Text-to-region grounding data
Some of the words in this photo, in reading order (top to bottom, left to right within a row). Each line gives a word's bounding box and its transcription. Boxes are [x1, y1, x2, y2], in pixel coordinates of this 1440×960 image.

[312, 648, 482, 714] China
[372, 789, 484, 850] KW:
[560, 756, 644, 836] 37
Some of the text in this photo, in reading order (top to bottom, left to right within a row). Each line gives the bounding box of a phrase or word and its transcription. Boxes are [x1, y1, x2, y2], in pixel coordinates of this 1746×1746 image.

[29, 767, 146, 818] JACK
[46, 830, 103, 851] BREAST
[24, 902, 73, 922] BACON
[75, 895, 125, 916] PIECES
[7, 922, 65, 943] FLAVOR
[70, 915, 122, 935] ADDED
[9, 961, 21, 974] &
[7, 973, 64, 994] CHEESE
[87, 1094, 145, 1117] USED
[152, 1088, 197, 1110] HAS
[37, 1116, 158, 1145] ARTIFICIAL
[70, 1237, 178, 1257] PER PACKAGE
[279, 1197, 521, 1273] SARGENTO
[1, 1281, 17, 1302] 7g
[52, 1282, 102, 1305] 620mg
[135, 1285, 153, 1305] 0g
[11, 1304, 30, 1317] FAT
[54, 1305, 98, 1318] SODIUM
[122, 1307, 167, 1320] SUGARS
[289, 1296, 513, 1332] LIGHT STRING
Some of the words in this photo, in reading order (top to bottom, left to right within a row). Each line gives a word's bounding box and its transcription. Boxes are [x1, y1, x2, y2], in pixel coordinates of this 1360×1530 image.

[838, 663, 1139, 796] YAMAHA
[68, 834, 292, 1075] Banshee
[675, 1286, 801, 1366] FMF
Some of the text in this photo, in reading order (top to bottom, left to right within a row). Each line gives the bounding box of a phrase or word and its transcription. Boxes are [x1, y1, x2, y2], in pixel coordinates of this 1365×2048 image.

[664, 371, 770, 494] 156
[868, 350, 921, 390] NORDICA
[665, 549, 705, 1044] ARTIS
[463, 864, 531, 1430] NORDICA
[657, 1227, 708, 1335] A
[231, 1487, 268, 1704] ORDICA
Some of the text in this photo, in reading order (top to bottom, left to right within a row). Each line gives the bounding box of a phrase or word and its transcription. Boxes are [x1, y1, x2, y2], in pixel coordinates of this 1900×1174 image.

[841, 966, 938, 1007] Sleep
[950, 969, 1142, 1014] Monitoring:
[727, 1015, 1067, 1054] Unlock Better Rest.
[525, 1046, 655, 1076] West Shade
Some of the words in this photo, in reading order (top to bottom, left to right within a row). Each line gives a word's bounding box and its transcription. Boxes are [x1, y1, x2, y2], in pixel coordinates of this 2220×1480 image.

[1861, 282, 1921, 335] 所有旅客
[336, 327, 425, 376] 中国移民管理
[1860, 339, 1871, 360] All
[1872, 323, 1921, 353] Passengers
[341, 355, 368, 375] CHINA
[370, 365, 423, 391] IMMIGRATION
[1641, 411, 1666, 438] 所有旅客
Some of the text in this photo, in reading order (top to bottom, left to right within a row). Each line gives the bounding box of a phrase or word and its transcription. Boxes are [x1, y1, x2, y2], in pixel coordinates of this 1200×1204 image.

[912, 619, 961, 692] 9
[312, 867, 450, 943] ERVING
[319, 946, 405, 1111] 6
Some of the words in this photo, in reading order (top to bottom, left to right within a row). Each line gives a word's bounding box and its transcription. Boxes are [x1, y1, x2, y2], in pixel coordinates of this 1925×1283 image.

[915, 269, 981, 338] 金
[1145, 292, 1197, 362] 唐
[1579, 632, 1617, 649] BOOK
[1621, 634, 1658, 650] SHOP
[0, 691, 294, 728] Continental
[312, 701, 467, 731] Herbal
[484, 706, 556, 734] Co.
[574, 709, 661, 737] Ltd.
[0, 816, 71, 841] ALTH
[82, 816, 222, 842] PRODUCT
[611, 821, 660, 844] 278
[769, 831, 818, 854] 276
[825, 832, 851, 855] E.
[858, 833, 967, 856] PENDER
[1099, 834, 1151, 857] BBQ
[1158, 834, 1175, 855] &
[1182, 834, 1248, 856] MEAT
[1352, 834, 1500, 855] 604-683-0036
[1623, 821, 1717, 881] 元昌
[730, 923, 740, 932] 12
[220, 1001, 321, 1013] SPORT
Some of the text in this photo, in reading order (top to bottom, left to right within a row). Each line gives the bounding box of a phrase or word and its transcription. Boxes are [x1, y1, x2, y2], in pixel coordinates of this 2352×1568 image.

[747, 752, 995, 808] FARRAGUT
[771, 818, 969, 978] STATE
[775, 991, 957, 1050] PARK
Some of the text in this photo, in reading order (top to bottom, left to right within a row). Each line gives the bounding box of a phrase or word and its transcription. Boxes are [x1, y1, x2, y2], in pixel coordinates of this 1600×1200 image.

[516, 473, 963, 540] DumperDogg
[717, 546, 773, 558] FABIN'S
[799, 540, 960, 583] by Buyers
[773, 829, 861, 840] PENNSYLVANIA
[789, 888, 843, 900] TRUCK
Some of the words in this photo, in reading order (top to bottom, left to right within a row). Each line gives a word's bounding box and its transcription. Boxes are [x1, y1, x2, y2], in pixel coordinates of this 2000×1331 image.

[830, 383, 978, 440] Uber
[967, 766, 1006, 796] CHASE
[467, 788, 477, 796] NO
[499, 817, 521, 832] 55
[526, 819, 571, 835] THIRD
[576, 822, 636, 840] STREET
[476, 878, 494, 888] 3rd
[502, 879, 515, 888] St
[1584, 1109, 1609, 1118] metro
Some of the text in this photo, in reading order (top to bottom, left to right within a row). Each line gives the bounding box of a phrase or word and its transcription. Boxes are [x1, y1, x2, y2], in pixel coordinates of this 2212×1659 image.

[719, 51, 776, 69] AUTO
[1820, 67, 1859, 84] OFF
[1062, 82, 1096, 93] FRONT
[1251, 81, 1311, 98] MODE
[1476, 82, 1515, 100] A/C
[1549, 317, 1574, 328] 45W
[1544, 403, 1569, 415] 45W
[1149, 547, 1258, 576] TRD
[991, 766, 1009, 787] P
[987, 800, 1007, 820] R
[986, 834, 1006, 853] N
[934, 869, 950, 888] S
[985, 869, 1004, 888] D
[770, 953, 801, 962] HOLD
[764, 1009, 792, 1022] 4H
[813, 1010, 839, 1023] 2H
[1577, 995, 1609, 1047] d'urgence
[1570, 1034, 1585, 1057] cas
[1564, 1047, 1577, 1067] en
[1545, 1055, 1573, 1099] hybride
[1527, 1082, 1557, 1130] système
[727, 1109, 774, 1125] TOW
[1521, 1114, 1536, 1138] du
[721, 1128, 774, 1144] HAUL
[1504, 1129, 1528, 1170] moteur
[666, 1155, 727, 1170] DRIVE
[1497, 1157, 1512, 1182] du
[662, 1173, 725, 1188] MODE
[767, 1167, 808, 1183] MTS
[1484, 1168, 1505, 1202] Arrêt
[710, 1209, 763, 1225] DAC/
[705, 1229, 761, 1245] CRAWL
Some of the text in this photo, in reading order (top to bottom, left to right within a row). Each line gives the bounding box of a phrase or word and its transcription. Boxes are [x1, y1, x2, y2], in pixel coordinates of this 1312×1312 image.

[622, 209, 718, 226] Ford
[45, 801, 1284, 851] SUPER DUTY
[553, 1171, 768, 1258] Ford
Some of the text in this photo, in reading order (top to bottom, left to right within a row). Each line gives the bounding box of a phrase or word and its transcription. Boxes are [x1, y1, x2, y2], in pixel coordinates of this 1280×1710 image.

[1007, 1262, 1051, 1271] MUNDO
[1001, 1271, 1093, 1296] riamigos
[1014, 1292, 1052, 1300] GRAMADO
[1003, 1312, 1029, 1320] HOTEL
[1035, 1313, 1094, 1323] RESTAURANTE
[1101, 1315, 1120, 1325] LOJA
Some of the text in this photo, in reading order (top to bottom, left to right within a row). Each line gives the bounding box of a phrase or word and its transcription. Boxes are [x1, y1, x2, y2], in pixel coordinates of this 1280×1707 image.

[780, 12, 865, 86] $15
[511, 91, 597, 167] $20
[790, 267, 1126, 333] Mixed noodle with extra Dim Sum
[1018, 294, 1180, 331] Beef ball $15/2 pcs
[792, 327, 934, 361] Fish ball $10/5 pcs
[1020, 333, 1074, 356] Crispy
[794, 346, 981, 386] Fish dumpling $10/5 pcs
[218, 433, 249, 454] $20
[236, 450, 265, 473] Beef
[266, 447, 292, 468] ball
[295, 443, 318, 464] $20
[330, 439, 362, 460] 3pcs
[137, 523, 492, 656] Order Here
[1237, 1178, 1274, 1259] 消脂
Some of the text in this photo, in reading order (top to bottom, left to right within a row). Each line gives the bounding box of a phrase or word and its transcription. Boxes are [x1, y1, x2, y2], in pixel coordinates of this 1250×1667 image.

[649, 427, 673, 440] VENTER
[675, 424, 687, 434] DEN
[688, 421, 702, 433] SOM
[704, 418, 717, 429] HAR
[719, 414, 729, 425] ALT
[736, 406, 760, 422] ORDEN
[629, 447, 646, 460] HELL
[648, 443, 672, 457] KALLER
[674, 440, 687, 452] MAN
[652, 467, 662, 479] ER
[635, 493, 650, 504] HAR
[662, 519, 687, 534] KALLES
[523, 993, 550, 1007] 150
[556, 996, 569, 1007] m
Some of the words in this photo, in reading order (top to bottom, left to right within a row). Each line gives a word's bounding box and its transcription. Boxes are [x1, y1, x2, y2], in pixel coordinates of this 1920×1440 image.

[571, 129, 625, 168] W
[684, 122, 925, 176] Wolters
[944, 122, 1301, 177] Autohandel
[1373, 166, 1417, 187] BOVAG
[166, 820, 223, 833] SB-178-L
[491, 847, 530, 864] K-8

__WORK REQUIRED__
Retype exactly the lines from the one containing "this 1250×1667 image." through the last line of the records above, including both.

__REPLY__
Some of the text in this photo, in reading order (top to bottom, left to right within a row). Each line gives the bounding box of a phrase or word and its transcription. Boxes are [x1, y1, x2, y2], in pixel coordinates of this 1250×1667 image.

[649, 427, 673, 440] VENTER
[675, 424, 687, 434] DEN
[688, 421, 702, 433] SOM
[704, 418, 717, 429] HAR
[719, 414, 729, 425] ALT
[736, 406, 760, 422] ORDEN
[629, 447, 646, 460] HELL
[648, 443, 672, 457] KALLER
[674, 440, 687, 452] MAN
[652, 467, 662, 479] ER
[635, 493, 650, 504] HAR
[662, 519, 687, 534] KALLES
[523, 993, 550, 1007] 150
[556, 996, 569, 1007] m
Some of the words in this photo, in reading order (top to bottom, left to right within a row). Each line gives a word's bounding box and its transcription. Boxes are [x1, y1, x2, y2], in pixel coordinates of this 1920×1440 image.

[571, 129, 625, 168] W
[684, 122, 925, 176] Wolters
[944, 122, 1301, 177] Autohandel
[1373, 166, 1417, 187] BOVAG
[166, 820, 223, 833] SB-178-L
[491, 847, 530, 864] K-8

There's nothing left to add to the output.